Another thing to think about: how do we simplify expressions to make them
optimal for code?  This is not necessarily the same as making them "look"
simple, which is what we currently tend to aim for in simplification
functions  There's also the question of putting expressions in a form that
is suitable to reduce floating point error.

Based on what was said on the other thread I think parsing should be its
own GSoC project, independent of SymPy Gamma.  I guess such a project
should also consider cases of parsing very large expressions (like a C
function).

Aaron Meurer

Sent from my iPhone.

On Mar 20, 2012, at 11:55 AM, Matthew Rocklin <mrock...@gmail.com> wrote:

Ah, I see. So we would need to parse C code, do some optimization in sympy,
and then spit C code back out and presumably give it to a compiler.

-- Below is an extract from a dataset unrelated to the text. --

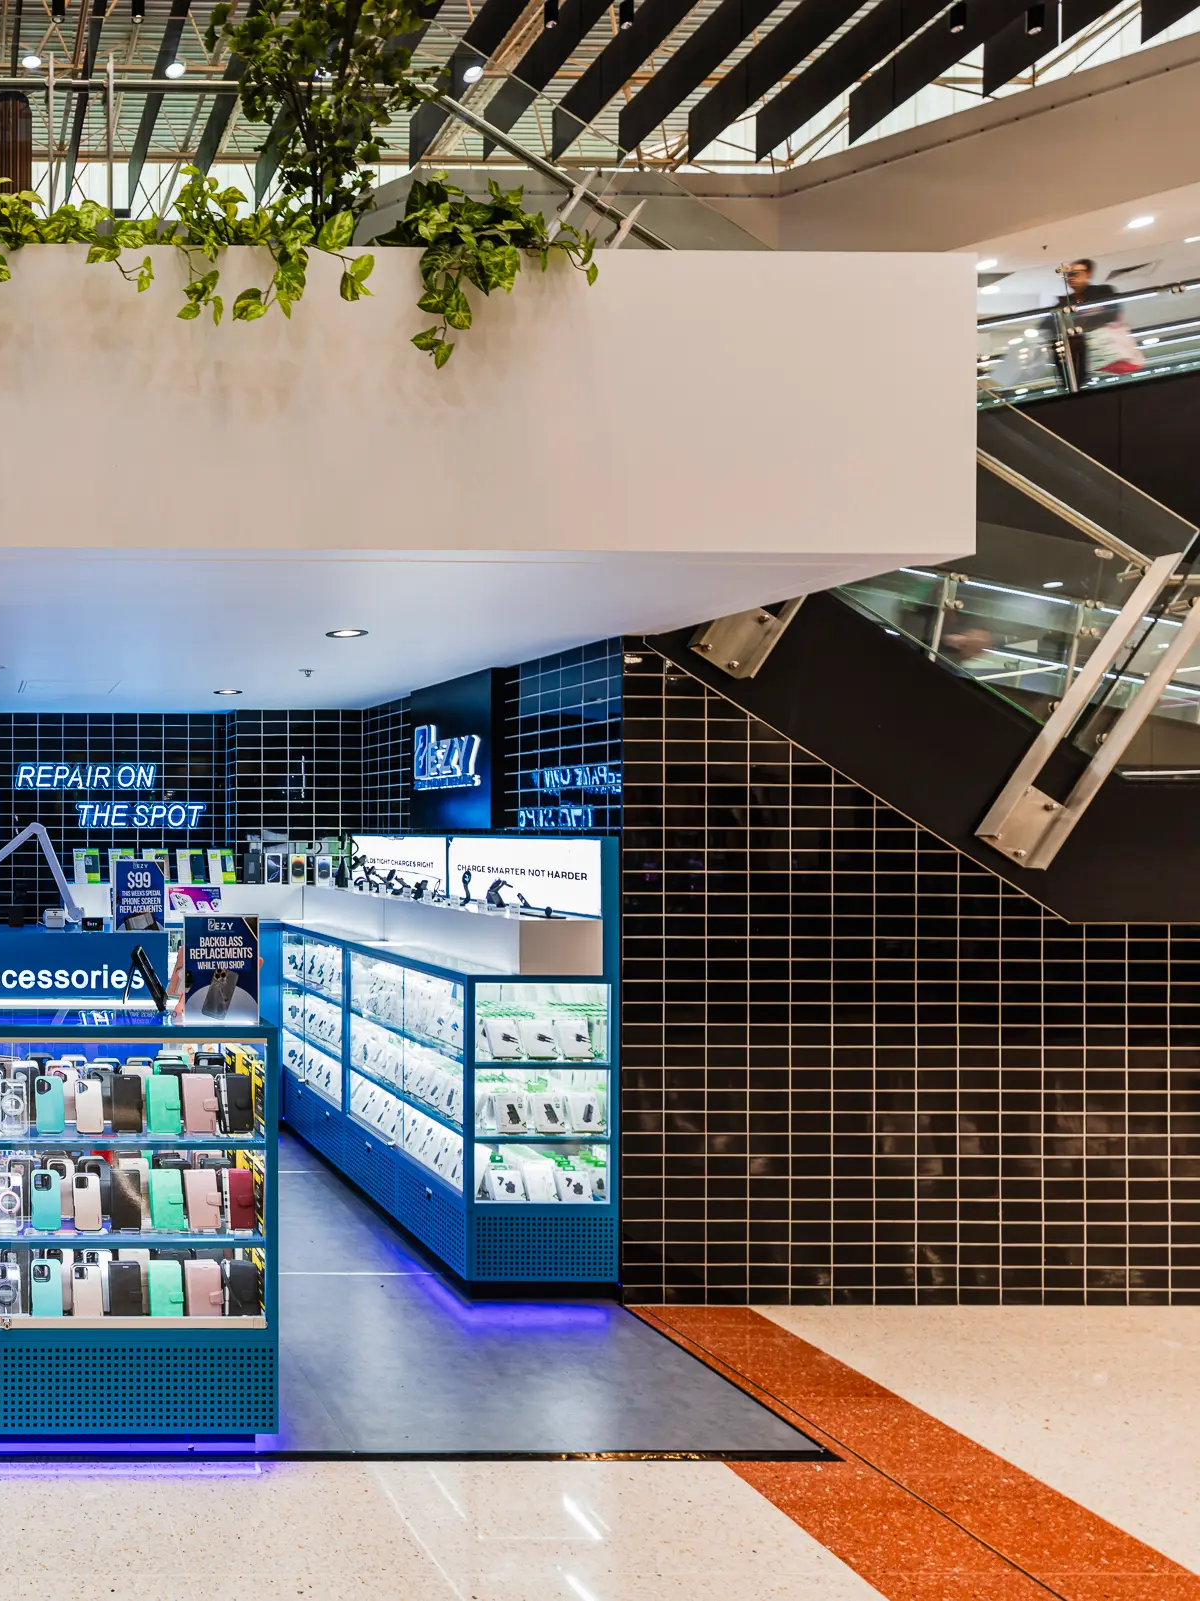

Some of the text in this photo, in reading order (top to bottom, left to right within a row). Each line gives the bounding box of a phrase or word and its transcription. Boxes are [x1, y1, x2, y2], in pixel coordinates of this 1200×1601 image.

SymPy does have the ability to reason about code in a way that is quite
different from a traditional compiler. (I.e. we know that sin(x)**2 +
cos(x)**2 is 1, a compiler won't). It would be interesting to hook in some
SymPy system into some standard compiler tool-chain and see what we could
do.

As a first pass we could skip over any control stuff (this might be hard)
and just look at simpler expressions. We could run over some large body of
code and tweak expressions at a local level. We might also want to consider
simplifying based on numerical issues. There was a scicomp.stackexchange
question about this
http://scicomp.stackexchange.com/questions/527/is-there-software-that-can-autogenerate-numerically-accurate-floating-point-c-ro

Really, all of these questions would be accessible once we had a code
parser. Perhaps the GSoC idea is to build a code parser for SymPy? Anyone
out there familiar with building parsers?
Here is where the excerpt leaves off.